Mauvais cotons ou comment ne pas filer droit est un recueil de nouvelles collectif de 168 pages, publié chez L’Harmattan en février 2023, réunissant neuf auteurs autour de vingt nouvelles, et dont la couverture est illustrée par l’une d’entre eux, Corine Sylvia Congiu. Tous les auteurs font partie du collectif « Nouvelle Donne », dont l’objectif est de promouvoir et de diffuser la nouvelle francophone, d’abord par le biais d’une revue papier jusqu’en 2004, et aujourd’hui via le site nouvelle-donne.net. Les auteurs sont aussi pour la plupart des nouvellistes confirmés, comme en témoignent leurs publications respectives.
Ce groupe d’auteurs n’en est pas à son coup d’essai en termes de recueils collectifs, puisqu’il avait déjà publié en 2020 Le chien attaché au poteau, aux éditions La chambre des échos. En se lançant dans une seconde aventure collective, le groupe de nouvellistes approfondit des pistes déjà présentes dans le premier recueil, en particulier la dénonciation des multiples conformismes de notre monde contemporain. Entre la parution des deux ouvrages, l’une des membres du collectif, Nathalie Barrié, a disparu : ce second ouvrage lui est dédié.
Là où les recueils collectifs thématiques proposent généralement une seule nouvelle par auteur, celui-ci a pour originalité de proposer deux à trois nouvelles pour chaque contributeur, ce qui a le double intérêt de brosser un portrait de groupe de ce collectif d’auteurs, et dans le même temps de donner accès à l’univers et à l’écriture propres à chacun d’entre eux.
Les récits ont été réunis en fonction d’une forte cohérence thématique.
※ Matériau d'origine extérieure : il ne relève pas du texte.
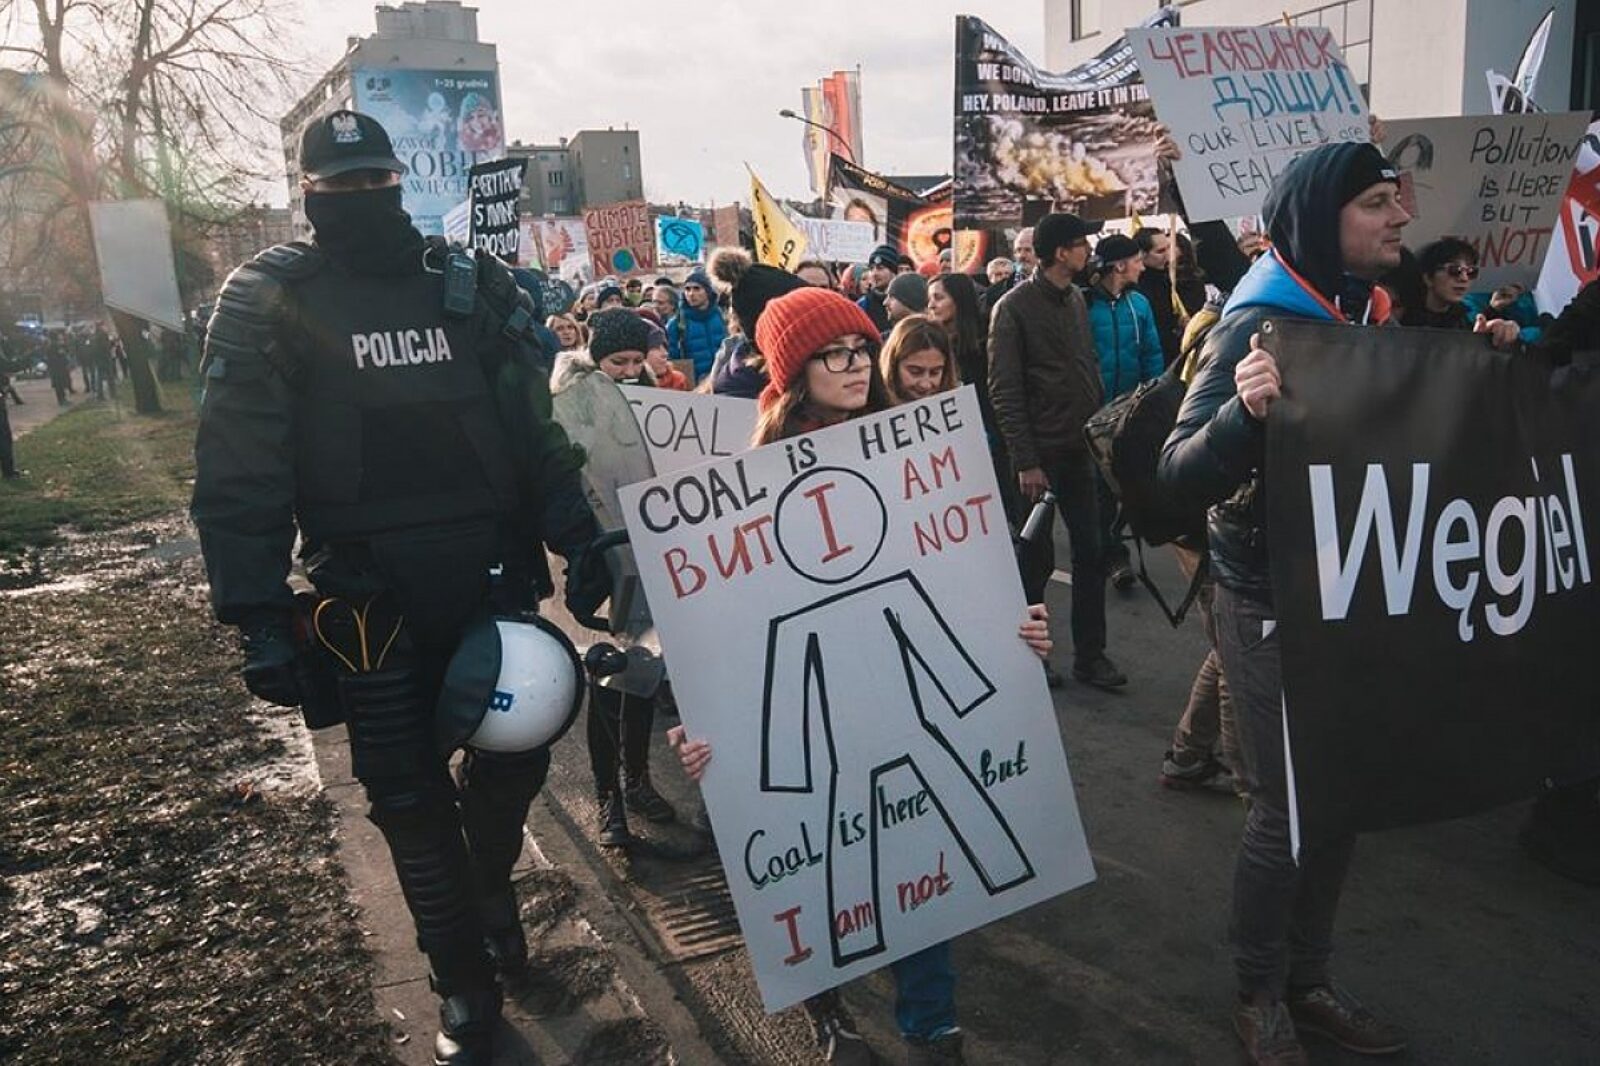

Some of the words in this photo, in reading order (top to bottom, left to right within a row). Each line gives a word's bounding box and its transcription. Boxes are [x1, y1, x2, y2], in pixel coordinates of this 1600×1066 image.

[977, 63, 1001, 81] WE
[963, 94, 990, 112] HEY,
[992, 94, 1049, 114] POLAND,
[1053, 91, 1096, 112] LEAVE
[1098, 89, 1113, 107] IT
[1113, 86, 1129, 105] IN
[1211, 63, 1361, 124] ДЫШИ!
[1189, 125, 1238, 155] OUR
[1505, 171, 1562, 197] HERE
[1481, 203, 1540, 223] BUT
[590, 226, 652, 250] JUSTICE
[1480, 226, 1553, 268] NOT
[352, 327, 452, 369] POLICJA
[639, 459, 768, 534] COAL
[859, 397, 963, 460] HERE
[903, 446, 962, 500] AM
[663, 514, 775, 599] BUT
[803, 482, 854, 564] I
[914, 494, 993, 557] NOT
[1308, 453, 1591, 642] Węgiel
[838, 811, 867, 847] is
[877, 785, 930, 829] here
[979, 740, 1029, 787] but
[773, 906, 812, 966] I
[834, 901, 873, 939] am
[897, 851, 953, 913] not
Ces vingt nouvelles explorent différentes facettes de la transgression, qu’elle soit vénielle ou plus nettement destructrice. Au fil de ces pages, qui campent des univers contemporains majoritairement réalistes, le lecteur devient le spectateur de fantasmes inavouables, d’abus divers, de petites fraudes ou tromperies, d’absurdités administratives, de vengeances loufoques, d’envie de mort... La morale normée pourrait considérer que chacun des personnages mis en scène dans ces nouvelles « file un mauvais coton », comme le suggère malicieusement le titre du recueil.
De fait, diverses nouvelles campent des personnages explicitement marginaux : tueur en série (« Demander Bob » de Nathalie Barrié), hackers sans scrupules (« Ransomware » de Dominique Perrut), prisonnier (ou fou, tout simplement ? dans « L’épreuve » d’Anne-Elisabeth Desicy Friedland).
La veine la plus exploitée est cependant celle de personnages aux modes de pensée divergents, voire aux marges de la folie. La nouvelle-coup de poing de Léo Lamarche « Demain, j’arrête de mourir » nous fait pénétrer dans l’inquiétante étrangeté du discours intérieur d’une jeune femme aux prises avec des troubles du comportement alimentaire. Le style percutant de Sophie Germain dans « Toi, Jane » rend poignante la lutte d’une jeune femme contre son alcoolisme. Dans « Quand la raison s’en va, j’en trouve une autre », Corine Sylvia Congiu met en scène la fascination trouble d’un psychiatre pour sa jeune patiente suicidaire : qui du soignant ou de la patiente file ici un mauvais coton ? Les lettres douloureuses d’une jeune fille née sous X adressée à une mère fantasmé, dans « Bonne fête, Maman ! » de Brigitte Niquet, donnent à sentir le vécu traumatique de rejet et la rébellion de la narratrice face à une existence où il lui est difficile de trouver sa place.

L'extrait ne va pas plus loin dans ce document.